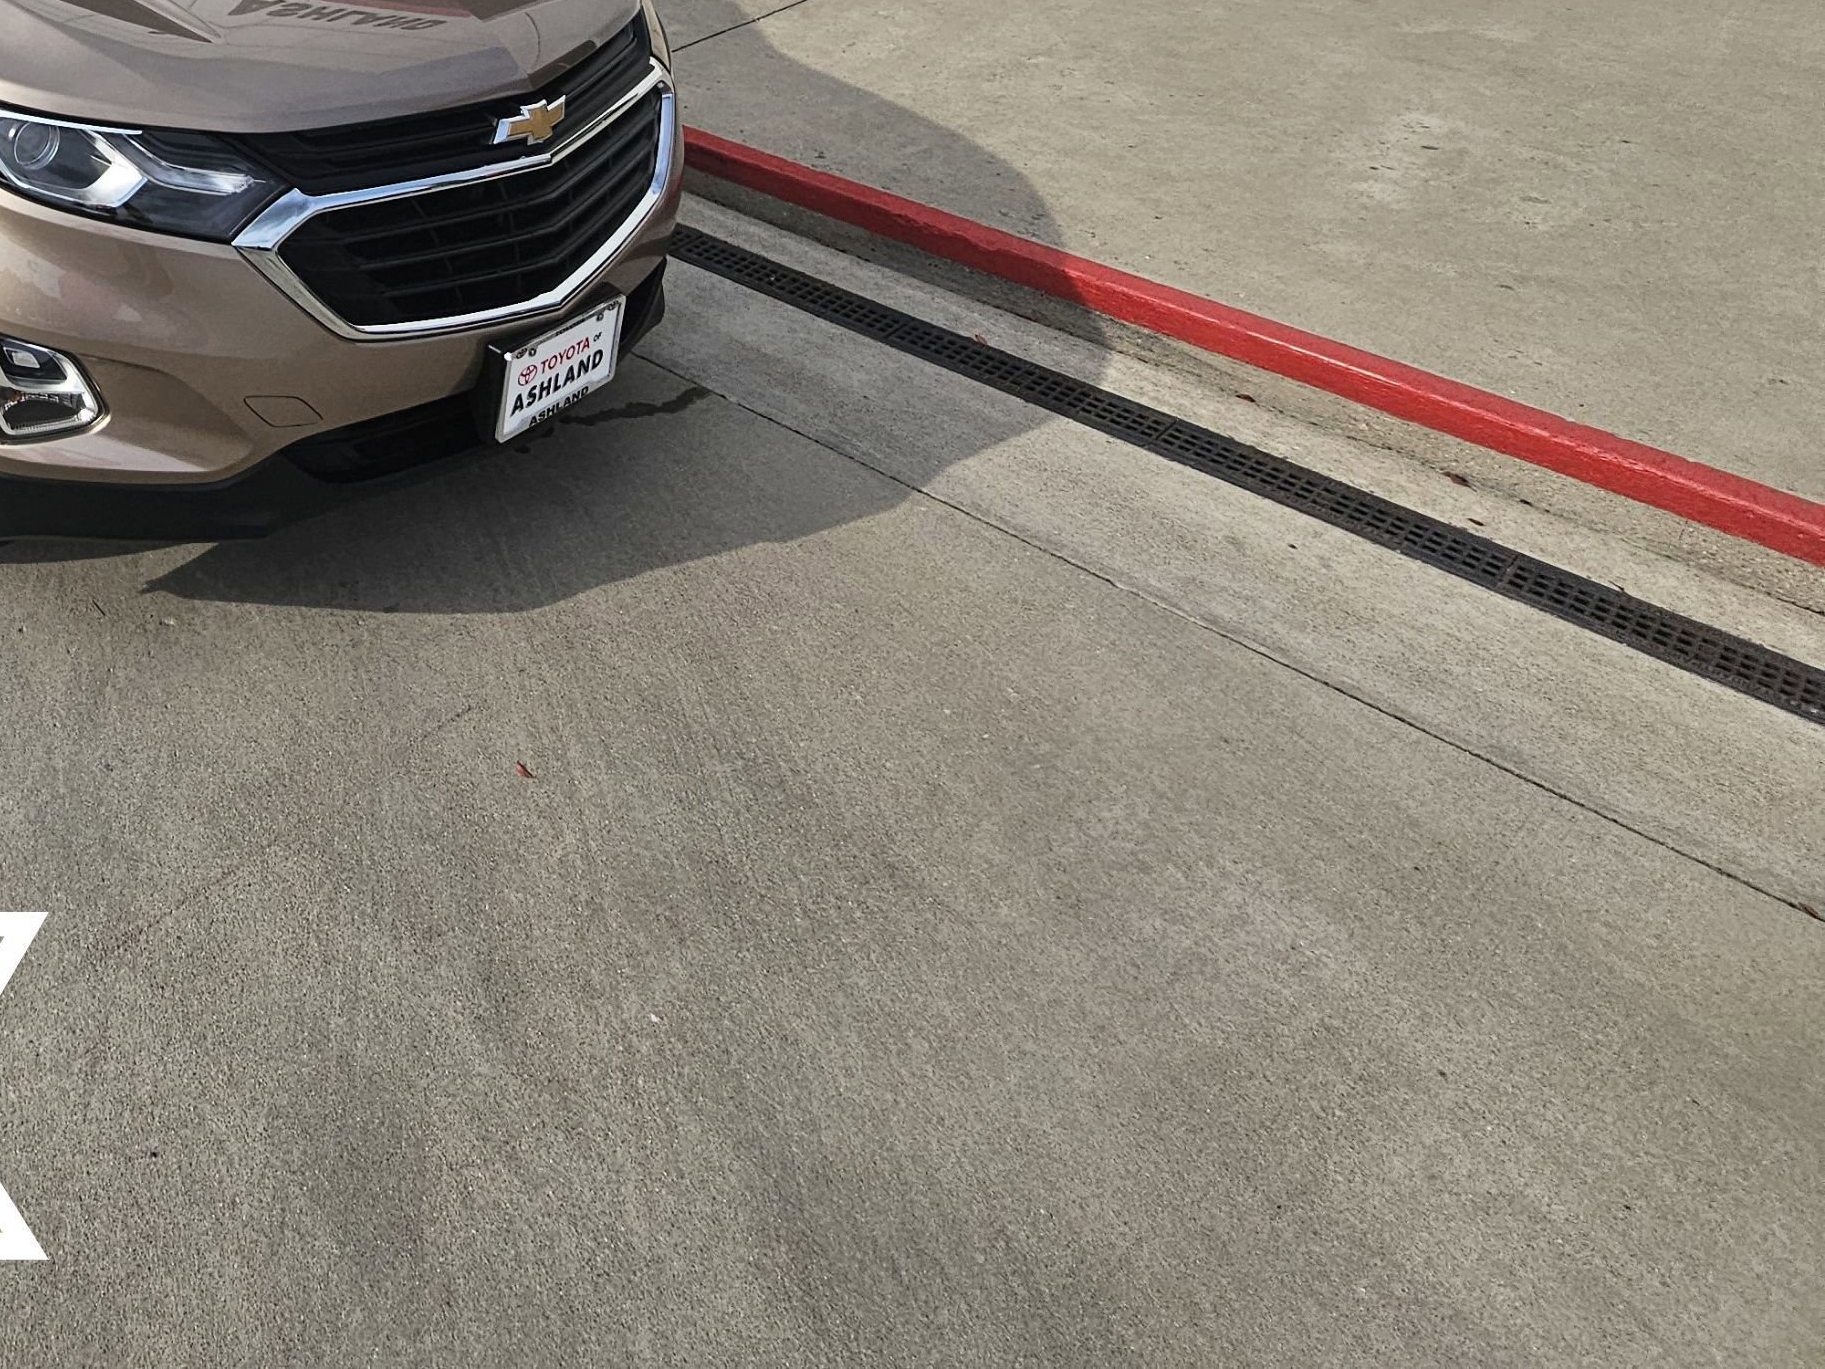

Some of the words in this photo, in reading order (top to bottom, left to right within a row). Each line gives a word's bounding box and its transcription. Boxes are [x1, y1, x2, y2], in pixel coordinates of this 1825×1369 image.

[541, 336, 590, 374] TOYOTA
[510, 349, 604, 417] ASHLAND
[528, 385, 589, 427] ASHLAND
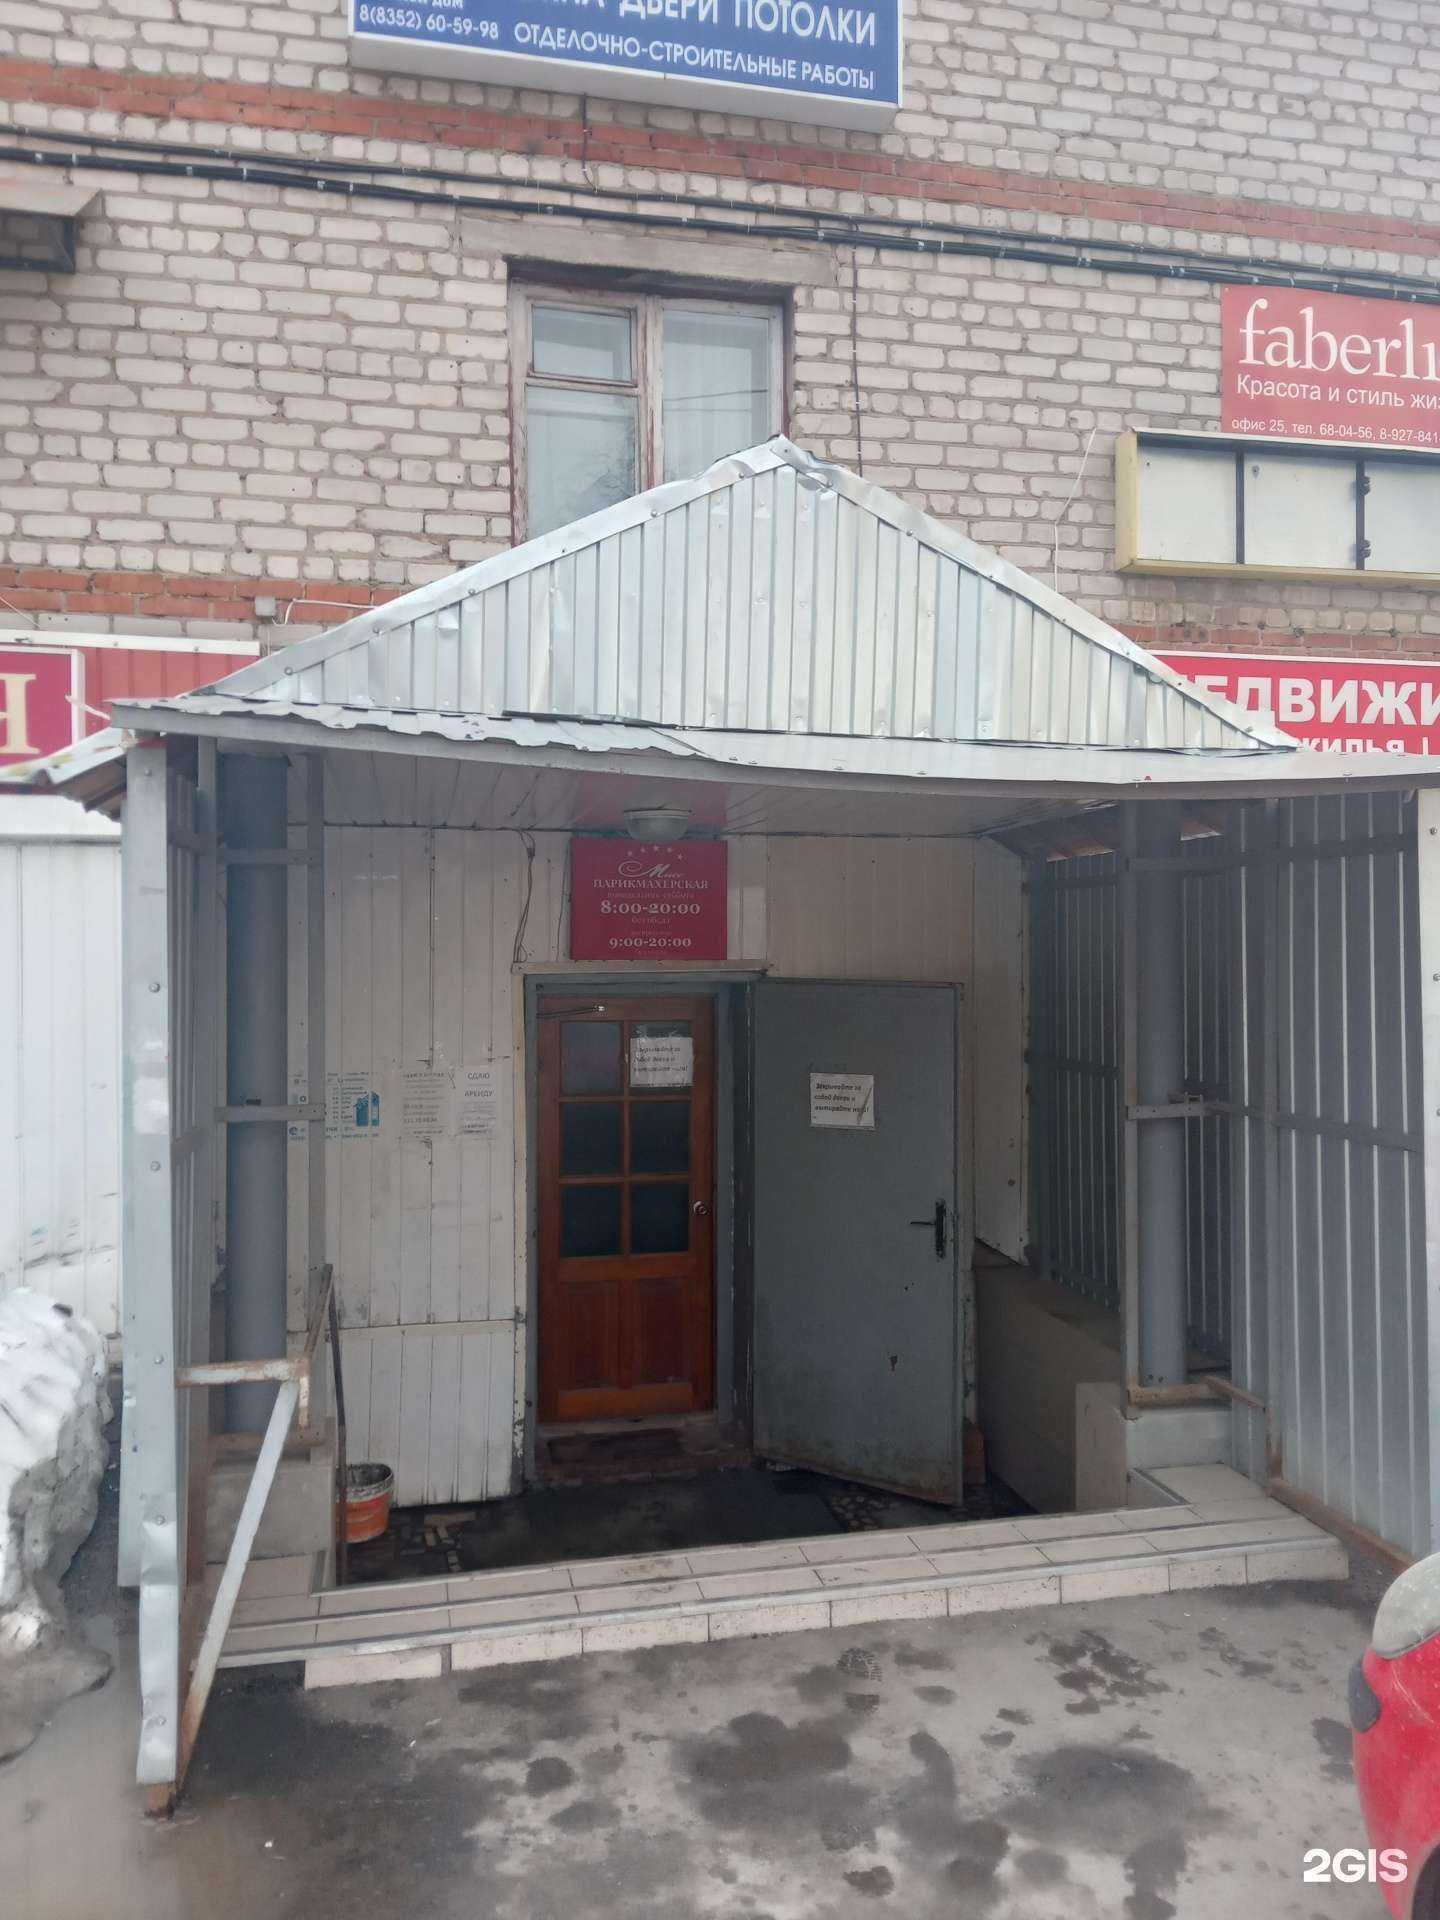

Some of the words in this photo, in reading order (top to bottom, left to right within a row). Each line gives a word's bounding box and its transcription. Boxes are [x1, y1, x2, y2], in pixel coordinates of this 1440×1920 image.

▶ _TASK BRIEF_
The listing above must be printed again exactly, minus its pictures.

▶ _TASK ANSWER_
Some of the words in this photo, in reading order (top to bottom, left to right within a row). Each line gives a word's bounding box and its transcription. Boxes are [x1, y1, x2, y2], in pixel coordinates of this 1825×1369 image.

[541, 336, 590, 374] TOYOTA
[510, 349, 604, 417] ASHLAND
[528, 385, 589, 427] ASHLAND

Some of the words in this photo, in reading order (top to bottom, left to right within a row). Each line gives a word's bounding box and its transcription. Boxes are [x1, y1, x2, y2], in pixel coordinates of this 1440×1920 image.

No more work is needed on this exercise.